Bruce Willis might, for all I know, torture peacocks in his free time, but he certainly does a good job of presenting himself to the public as a champion of old-fashioned decency. When one of the other four journalists in our interview group asks him about heroism, he immediately returns to the theme of domestic probity. Jimmy Stewart or Gary Cooper would, surely, have done the same thing.

"The most important things on my scorecard are to live my life as a good man and live my life as a good father. Everything else is secondary. Everybody else in this room, everybody on this planet, given the choice between doing the right thing or the wrong thing, knows what the right thing is. We may not do it, but we know what it is. That is what I teach my children."

It is, of course, our job in the media to use the wrong choices that stars make as moral cudgels with which to hammer them. In recent years, newspapers have had some fun ridiculing Bruce's more bellicose pronouncements on the War on Terror. He was, for example, reported to have offered a million dollars for the head of either Saddam Hussein or Osama bin Laden. On the Celebrity Cuddle Front, it has been suggested that he has had liaisons with such unlikely women as Courtney Love and Lindsay Lohan.

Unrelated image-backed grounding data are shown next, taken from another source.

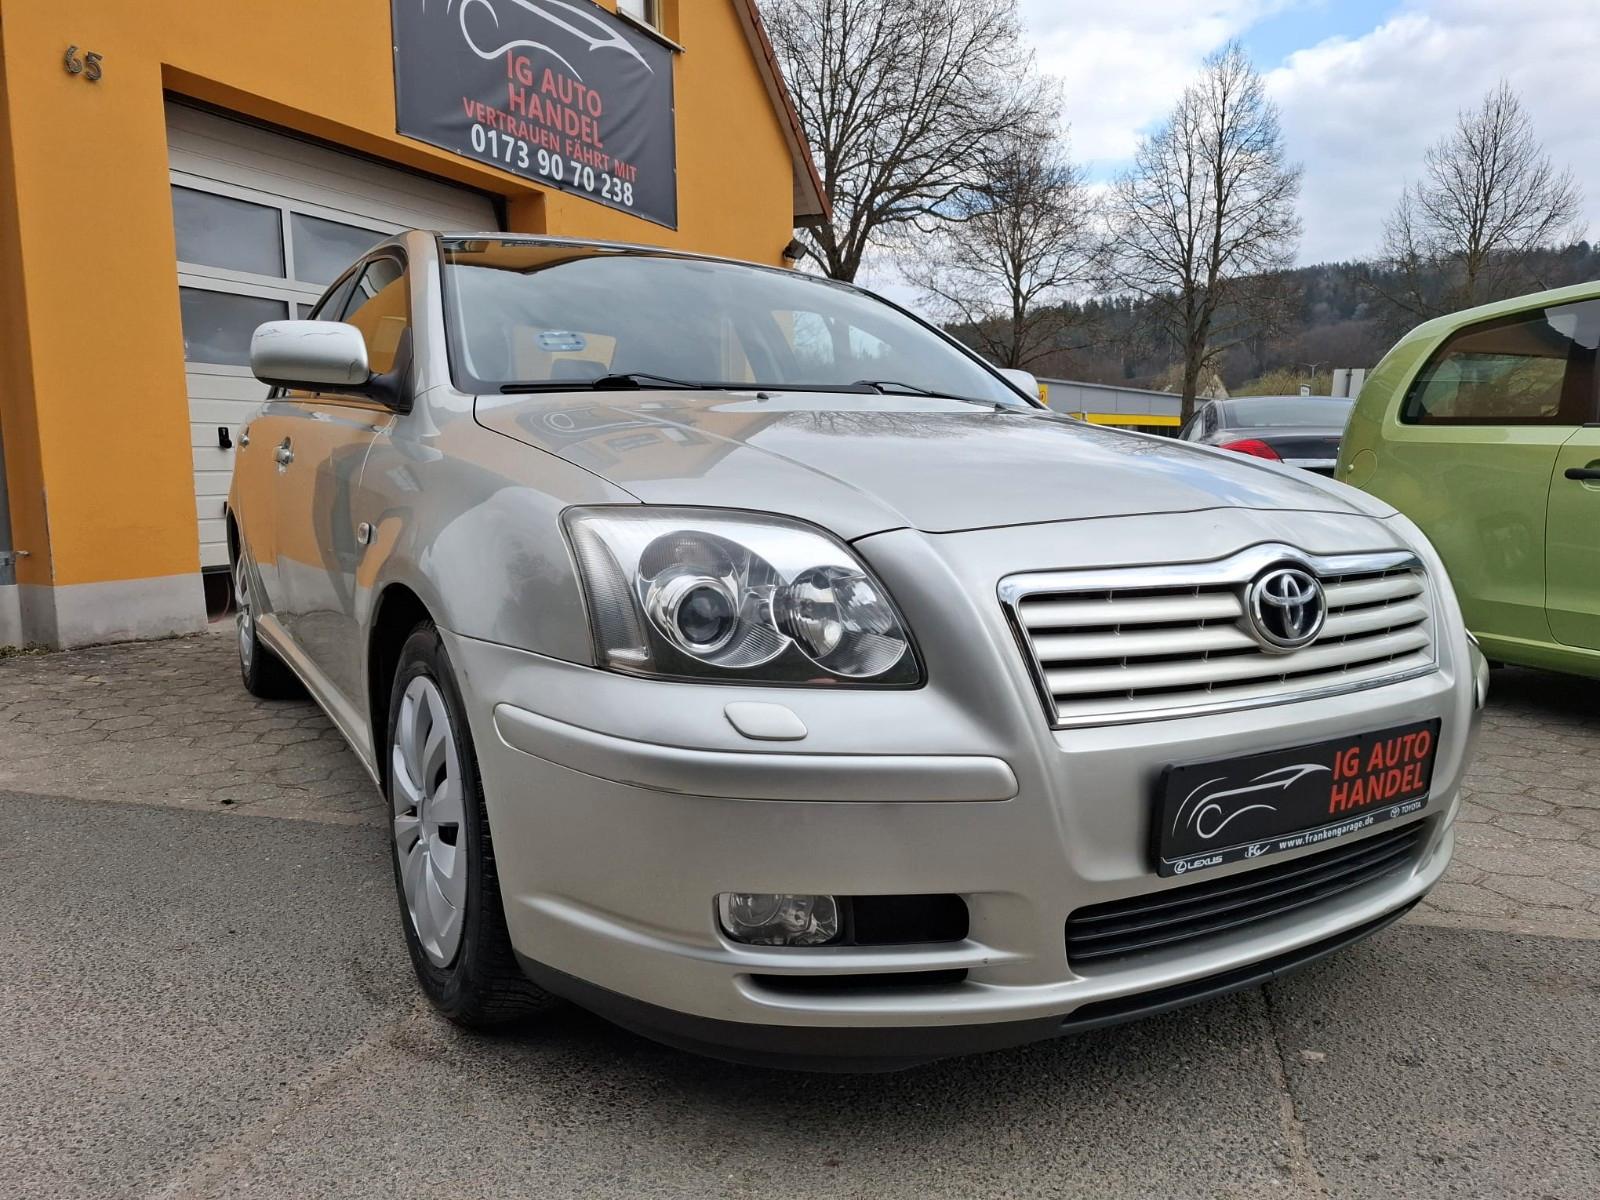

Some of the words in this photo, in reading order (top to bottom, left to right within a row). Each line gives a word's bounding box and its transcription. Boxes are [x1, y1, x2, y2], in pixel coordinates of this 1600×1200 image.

[64, 46, 103, 80] 65
[507, 50, 533, 87] IG
[541, 68, 602, 118] AUTO
[463, 97, 560, 153] VERTRAUEN
[566, 139, 610, 171] FÄHRT
[615, 159, 637, 182] MIT
[508, 83, 603, 149] HANDEL
[471, 123, 529, 168] 0173
[537, 149, 563, 181] 90
[571, 161, 594, 192] 70
[601, 173, 633, 206] 238
[1333, 747, 1360, 780] IG
[1366, 730, 1431, 772] AUTO
[1328, 762, 1423, 814] HANDEL
[1401, 801, 1422, 814] TOYOTA
[1279, 816, 1374, 849] www.frankengarage.de
[1187, 855, 1223, 869] LEXUS

"I don't pay attention to the gossip shit," he says with apparent good humour. "I just don't look at it. I don't let it in my house. We could go down to the newsstand now and find five separate wrong stories about me. I just don't give a fuck."

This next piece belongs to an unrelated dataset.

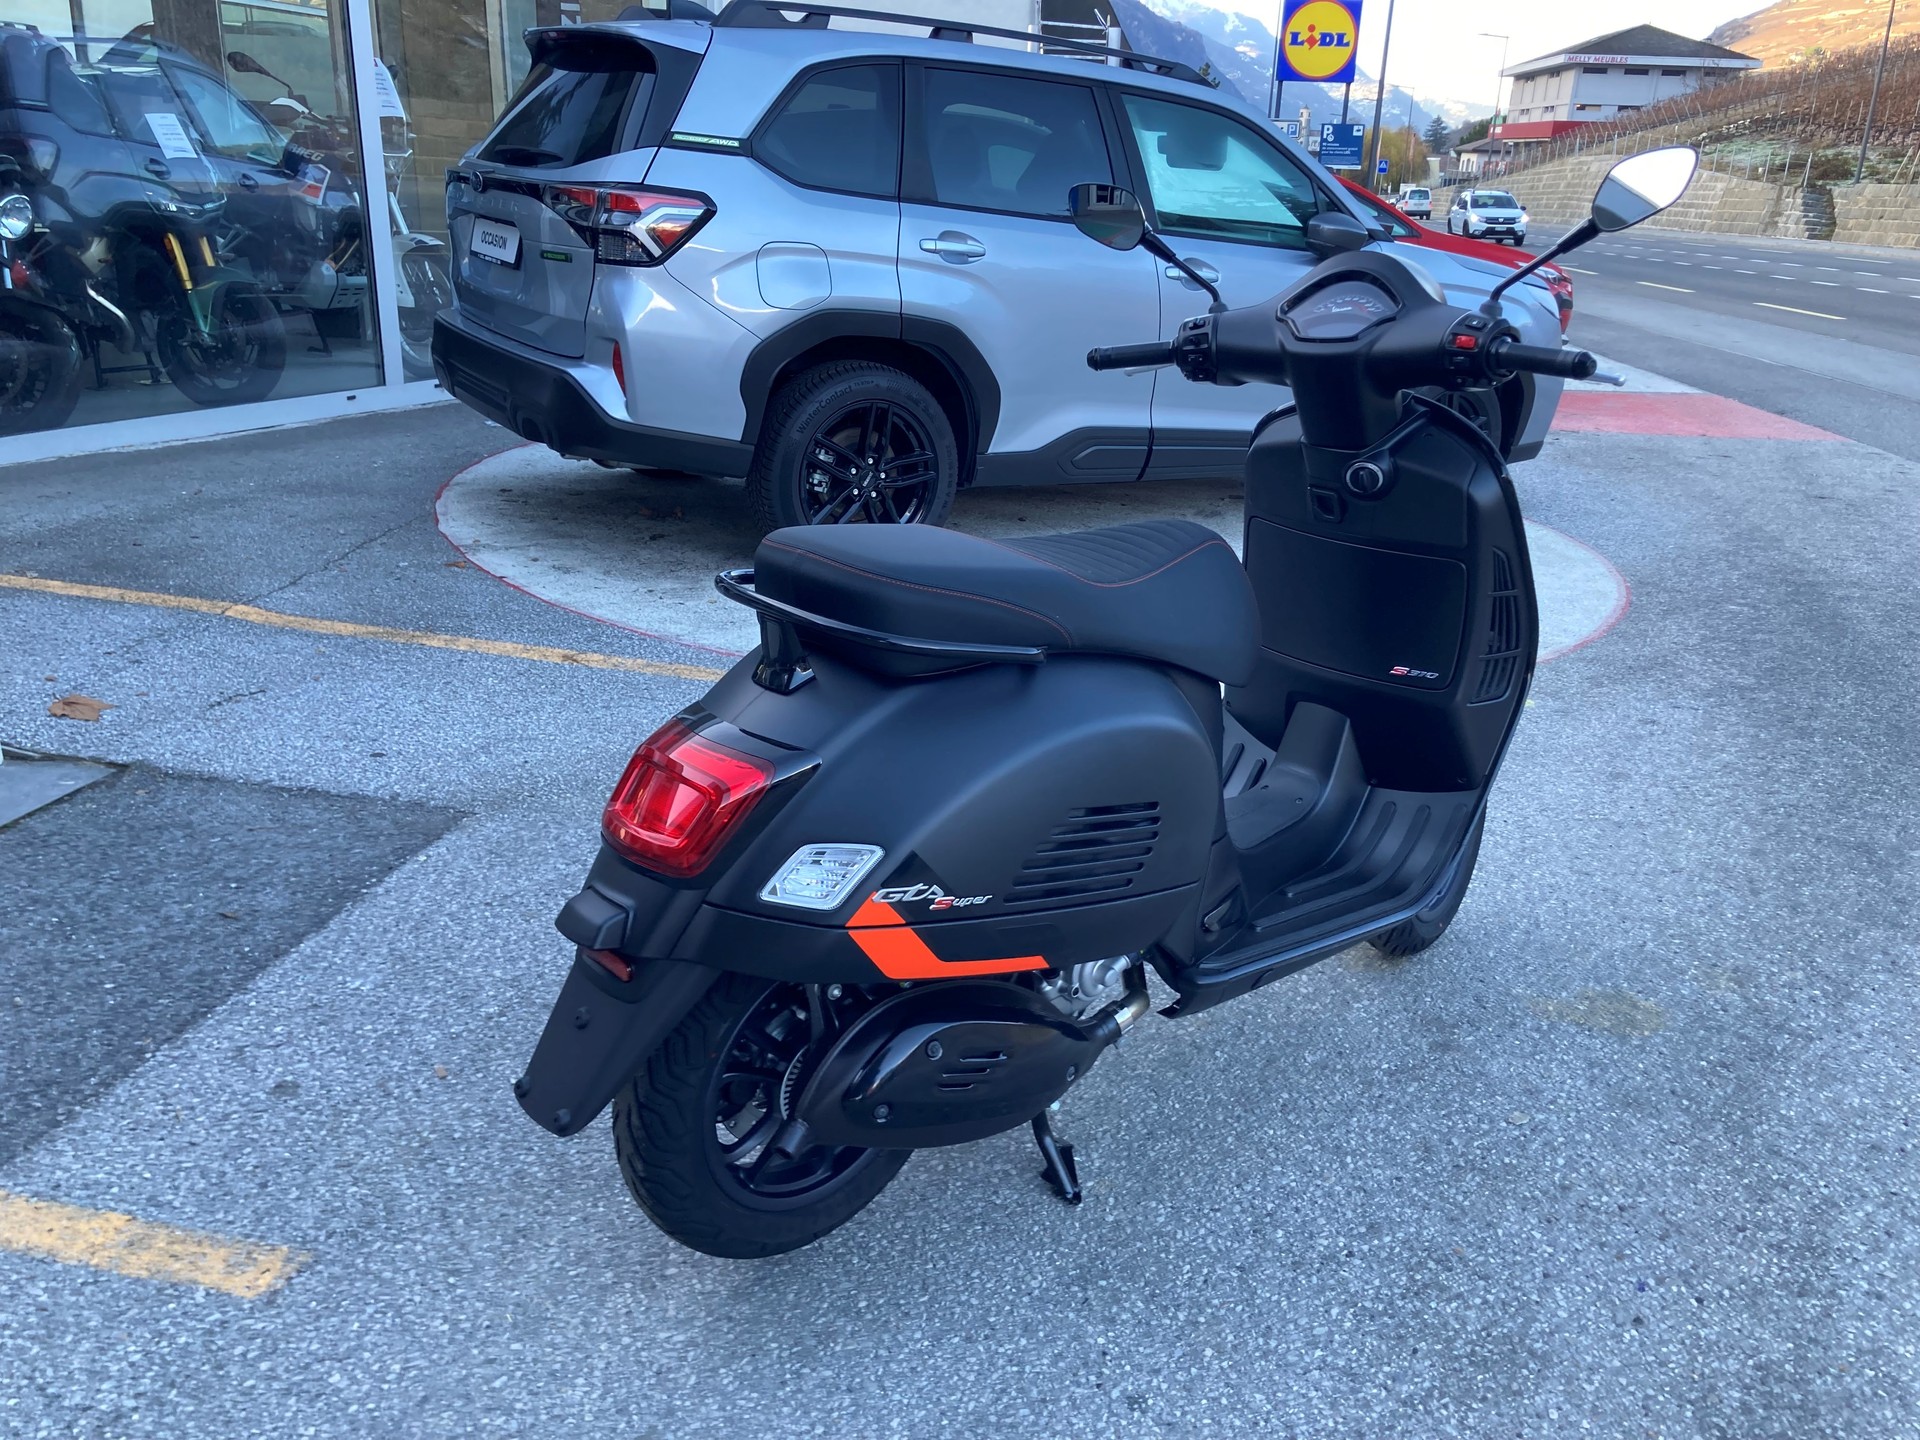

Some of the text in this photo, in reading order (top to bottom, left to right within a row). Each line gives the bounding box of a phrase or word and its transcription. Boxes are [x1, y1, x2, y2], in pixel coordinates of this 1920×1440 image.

Warming to his theme, he goes on to explain how he fears the chatter rags may become historical texts for future generations.

"Yeah. I believe in 20 years gossip will be set in stone as the history of this time," he laughs. "So no matter how many times I tell you I had nothing to do with Lindsay Lohan, it won't matter. It was just something written on page six. But that is still going to end up being written in stone. It doesn't matter that I never laid a finger on her. She just hung out with my younger daughter for, like, one minute."

Willis has imposed his taste for old-fashioned decency onto the latest Die Hard. Focusing on an attempt by Timothy Olyphant's deranged egotist to disable the US via computer - as ever in this series, with crude financial gain in mind - the film features lots of busy monitors and blinking gadgets. But John McClane, now more subject to scrapes and contusions than ever before, remains an analogue hero.

"The first film was the only really good one - or the best of them anyway," he says. "We wanted to do a fourth episode that lived up to the promise of that first film. I said something after the third film: 'I am taking a break until the genre reinvents itself.' Which seemed a smart thing to say, but, really, I didn't know what that fuck I was talking about. Then I met Len."

Len Wisemen, director of the vampire romp Underworld, has done a decent enough job with Die Hard 4.0. Cars crash into helicopters, fighter jets annihilate freeways and, as expected, John McClane gets nine colours of ordure kicked out of him.

"It would have been very easy for us to take an easy route and use what now are very cost-efficient CGI effects. But we wanted to take an old-school route in terms of the stunts. We wanted to do a film that, in trying to get as close as possible to the first, has real smash-mouth fight sequences. We wanted that claustrophobia."

The roughest scene sees Bruce brawling with an enthusiastic martial artist, played by Maggie Q. "Oh, yeah, I got to do something I have never done before - fight with a little, tiny, frail 105-pound girl. And it looks like she really kicks my ass."

Is this really wise for a gentleman of his age? "Well, I got kicked in the head one morning late on in the shoot and had to go to hospital. This supports what I was saying about things in life happening as they should do. If I had lifted my head a second later I would have lost an eye. As it was, I got 25 stitches, rubbed a little dirt on it and went back to work."

That's what I call old school. How ever would we have coped without Bruce Willis?